MJ: I guess the broader question is: What is our moral obligation to the Iraqis now that this whole situation has been stirred up?
TXH: That's a much broader question, because the problem is we put the Iraqis in this mess and now we're bailing on them. I don't know how you deal with that. Obviously, we've got an enormous moral responsibility for making this mess, with no plan to fix it, and essentially just kind of dithering along as it got worse and worse. We certainly owe the Iraqis for doing this to them, but there's no way to get that balance sheet right.
MJ: People are talking about withdrawal, but is it likely at this point?

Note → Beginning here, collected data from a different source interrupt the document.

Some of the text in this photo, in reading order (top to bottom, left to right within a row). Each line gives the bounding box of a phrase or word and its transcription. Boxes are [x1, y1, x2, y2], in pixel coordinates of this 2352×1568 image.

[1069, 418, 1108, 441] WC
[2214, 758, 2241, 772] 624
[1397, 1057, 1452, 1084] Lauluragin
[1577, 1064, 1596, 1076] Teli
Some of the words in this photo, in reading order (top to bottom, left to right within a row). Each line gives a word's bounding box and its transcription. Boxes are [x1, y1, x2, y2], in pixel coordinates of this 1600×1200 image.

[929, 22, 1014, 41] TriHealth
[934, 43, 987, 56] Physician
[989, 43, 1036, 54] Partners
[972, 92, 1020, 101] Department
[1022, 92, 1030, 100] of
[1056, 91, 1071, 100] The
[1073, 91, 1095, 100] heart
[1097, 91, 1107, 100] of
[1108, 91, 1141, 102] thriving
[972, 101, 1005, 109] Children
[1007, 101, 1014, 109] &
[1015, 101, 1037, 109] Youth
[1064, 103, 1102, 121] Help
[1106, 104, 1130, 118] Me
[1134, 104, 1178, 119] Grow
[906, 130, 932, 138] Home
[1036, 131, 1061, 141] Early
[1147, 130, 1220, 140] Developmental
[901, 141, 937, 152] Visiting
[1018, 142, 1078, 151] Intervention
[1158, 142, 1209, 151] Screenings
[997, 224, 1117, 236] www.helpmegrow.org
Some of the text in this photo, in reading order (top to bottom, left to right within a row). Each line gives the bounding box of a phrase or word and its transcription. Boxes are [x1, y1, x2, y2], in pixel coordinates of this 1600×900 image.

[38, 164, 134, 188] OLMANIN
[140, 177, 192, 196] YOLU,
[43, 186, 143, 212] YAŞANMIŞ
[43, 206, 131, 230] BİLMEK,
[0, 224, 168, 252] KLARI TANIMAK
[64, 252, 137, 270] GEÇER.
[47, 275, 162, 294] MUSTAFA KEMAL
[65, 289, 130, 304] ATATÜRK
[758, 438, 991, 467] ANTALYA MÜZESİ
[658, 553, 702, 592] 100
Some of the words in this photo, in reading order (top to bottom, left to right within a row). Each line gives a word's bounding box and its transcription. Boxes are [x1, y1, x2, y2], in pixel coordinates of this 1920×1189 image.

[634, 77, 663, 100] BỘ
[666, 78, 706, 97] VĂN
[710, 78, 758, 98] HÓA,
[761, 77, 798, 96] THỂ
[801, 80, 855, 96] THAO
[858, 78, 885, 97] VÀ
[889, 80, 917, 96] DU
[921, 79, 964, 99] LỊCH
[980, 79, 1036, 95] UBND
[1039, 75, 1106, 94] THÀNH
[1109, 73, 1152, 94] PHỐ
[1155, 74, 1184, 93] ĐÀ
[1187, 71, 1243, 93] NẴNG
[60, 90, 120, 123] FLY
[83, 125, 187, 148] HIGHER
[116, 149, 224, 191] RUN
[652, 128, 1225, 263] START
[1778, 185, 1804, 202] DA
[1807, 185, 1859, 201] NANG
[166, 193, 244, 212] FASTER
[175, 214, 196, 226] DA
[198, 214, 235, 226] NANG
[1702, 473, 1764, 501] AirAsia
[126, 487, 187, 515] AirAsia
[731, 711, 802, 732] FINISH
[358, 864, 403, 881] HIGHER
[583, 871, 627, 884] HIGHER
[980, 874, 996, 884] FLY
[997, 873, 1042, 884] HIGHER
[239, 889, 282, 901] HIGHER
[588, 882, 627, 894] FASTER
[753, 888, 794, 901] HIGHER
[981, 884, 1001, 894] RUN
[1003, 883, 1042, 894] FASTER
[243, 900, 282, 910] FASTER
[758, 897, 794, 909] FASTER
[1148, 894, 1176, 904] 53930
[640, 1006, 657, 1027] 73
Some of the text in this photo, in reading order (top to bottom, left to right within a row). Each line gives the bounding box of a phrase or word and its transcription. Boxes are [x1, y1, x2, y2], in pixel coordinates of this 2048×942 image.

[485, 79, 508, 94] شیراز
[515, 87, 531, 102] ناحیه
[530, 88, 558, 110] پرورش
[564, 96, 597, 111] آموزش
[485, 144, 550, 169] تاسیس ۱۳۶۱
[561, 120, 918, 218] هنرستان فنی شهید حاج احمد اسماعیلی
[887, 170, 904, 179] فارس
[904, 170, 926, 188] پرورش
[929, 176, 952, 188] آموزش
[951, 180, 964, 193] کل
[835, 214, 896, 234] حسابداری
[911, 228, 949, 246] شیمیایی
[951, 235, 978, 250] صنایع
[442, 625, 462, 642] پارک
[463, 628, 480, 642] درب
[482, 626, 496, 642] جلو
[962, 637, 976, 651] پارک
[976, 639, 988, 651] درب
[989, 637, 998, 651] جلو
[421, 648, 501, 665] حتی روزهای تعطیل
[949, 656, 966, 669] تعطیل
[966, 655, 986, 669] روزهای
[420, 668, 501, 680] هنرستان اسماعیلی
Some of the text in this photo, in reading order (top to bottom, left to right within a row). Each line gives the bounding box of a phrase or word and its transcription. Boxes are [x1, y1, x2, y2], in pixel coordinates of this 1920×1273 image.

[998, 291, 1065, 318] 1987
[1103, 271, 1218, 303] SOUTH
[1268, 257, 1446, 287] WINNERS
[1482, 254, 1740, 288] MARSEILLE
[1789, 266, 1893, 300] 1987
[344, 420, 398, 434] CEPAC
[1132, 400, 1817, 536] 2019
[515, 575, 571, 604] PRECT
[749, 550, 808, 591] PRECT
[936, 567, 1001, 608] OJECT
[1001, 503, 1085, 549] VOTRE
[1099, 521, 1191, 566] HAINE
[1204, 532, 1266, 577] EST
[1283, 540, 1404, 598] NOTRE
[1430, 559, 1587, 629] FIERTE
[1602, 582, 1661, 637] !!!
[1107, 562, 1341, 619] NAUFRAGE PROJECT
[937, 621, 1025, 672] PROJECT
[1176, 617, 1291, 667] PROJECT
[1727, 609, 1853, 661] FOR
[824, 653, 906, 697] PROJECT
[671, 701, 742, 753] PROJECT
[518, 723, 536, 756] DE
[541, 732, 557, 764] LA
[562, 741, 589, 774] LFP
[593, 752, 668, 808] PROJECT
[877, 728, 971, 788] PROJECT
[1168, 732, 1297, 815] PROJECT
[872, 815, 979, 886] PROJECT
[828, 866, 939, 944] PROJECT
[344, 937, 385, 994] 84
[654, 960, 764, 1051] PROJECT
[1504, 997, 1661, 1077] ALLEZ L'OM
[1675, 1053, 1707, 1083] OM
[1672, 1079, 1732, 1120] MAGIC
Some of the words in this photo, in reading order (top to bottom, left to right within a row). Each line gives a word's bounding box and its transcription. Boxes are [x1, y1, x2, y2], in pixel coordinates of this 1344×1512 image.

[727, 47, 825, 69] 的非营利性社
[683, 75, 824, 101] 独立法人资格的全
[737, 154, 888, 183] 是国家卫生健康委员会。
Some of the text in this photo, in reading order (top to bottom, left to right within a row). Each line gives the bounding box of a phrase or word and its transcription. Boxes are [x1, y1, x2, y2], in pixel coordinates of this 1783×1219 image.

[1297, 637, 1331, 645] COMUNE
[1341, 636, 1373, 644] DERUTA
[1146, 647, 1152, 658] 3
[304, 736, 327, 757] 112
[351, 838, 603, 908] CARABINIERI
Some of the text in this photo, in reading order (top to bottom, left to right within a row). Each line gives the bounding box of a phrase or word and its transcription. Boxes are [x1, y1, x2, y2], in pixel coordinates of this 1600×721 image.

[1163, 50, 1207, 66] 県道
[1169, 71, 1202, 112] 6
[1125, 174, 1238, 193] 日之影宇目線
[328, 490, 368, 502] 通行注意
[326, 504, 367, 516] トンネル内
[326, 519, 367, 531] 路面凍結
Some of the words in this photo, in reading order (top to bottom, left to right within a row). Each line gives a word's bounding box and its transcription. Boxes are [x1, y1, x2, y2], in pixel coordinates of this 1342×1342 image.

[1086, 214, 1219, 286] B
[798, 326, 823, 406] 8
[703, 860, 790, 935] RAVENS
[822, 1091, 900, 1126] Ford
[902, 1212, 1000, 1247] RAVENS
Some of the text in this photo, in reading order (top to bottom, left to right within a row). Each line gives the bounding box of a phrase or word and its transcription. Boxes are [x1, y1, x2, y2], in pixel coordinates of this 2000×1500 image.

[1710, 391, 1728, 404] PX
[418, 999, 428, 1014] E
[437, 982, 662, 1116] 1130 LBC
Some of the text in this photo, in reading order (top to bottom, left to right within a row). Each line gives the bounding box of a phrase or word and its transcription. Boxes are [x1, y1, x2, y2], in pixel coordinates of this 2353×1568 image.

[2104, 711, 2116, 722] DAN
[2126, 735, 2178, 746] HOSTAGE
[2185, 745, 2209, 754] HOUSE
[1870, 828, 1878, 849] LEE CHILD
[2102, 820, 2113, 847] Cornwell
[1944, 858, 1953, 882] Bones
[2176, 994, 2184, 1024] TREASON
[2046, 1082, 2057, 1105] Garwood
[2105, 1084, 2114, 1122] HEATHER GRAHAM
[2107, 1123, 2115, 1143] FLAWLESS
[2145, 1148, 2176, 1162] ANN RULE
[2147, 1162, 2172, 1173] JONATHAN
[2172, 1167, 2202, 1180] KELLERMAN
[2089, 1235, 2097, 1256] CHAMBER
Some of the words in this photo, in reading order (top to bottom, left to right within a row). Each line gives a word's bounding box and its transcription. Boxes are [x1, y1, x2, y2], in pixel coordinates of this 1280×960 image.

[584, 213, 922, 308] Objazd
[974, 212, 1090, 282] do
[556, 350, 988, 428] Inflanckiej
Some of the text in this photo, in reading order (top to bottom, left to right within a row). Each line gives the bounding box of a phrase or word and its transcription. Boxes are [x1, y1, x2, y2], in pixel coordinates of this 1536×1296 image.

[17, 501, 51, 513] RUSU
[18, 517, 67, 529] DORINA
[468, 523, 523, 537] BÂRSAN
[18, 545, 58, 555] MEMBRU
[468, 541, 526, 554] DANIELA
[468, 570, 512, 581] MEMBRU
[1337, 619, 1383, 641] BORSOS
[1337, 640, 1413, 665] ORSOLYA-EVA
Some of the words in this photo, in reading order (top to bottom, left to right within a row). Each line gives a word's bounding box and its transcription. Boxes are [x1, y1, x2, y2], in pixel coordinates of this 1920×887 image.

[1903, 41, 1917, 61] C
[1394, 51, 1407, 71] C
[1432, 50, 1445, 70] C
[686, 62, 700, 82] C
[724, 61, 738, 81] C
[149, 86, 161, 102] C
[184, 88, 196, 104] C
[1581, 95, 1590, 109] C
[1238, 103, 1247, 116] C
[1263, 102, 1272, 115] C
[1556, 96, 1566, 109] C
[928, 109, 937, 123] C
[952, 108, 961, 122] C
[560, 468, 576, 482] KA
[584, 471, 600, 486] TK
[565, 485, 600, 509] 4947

TXH: Oh, it's coming. I just think the American people have had it. The Iraqis aren't making political progress. If they were, then you could argue to stay. The question the American people are going to raise is how much more blood and treasure they're willing to spend for Iraqis who are not willing to compromise themselves?
MJ: What do you think the right course of action in this situation is?
TXH: I'm not sure you can make Iraq a country at this point. I think the best thing we could do is work with them to continue to do what they're doing already, which is this breakup. Maybe we can reduce the amount of violence that goes into this. If we were unable to do that, then we've got to start preparing for the possibility that the violence spills over. Certainly, the huge number of refugees in Jordan are going to be a big problem. Jordan is obviously threatened.
MJ: It seems like having all these refugees in surrounding countries is going to be a destabilizing factor.
TXH: It always is.
MJ: Do you think there was a specific turning point in this war, where things started going downhill?
TXH: Invading. The invasion was dumb. The turning point was when we went in to this place. If you were to study the entire world and pick a place where it would be hard to install a democracy, I don't think you could have done better than Iraq. It's on religious fault lines, it's on cultural fault lines, it has a no-longer-functioning middle class that's been repressed for years. The Iraqis mostly talk about justice rather than freedom. We keep pushing freedom, but what they want is justice. The incompetence of the Bush administration has been pretty stunning. What we've got to do now is some very serious planning within the U.S. government and with the regional powers about how we minimize the damage.
MJ: It seems like the most important piece of this is not the logistics, but the strategic planning.
TXH: I don't care if we leave all our stuff there. What I do care about is that we come out leaving some kind of semblance of stability in the region. That's going to be very tricky. But I can't find any serious indicators that the administration is planning that or discussing it.
MJ: Do you think if we were to leave, the civil war would burn itself out in a decade or so?
TXH: A decade is a long time. It's going to be at least a decade, and then the question is how many get killed and does it spill over.
MJ: It seems like any talk about withdrawal or mitigating strategies is seen as defeatist.
TXH: Yes, it is. And it's a standard Bush administration response to any criticism—declare the guy to be supporting the enemy and ignore your own blunders and blame everything on them.
MJ: What have you thought about the efforts of congressional Democrats to end the war?
TXH: It's been a lot of posturing. It's really about the election. It's not about stopping the war.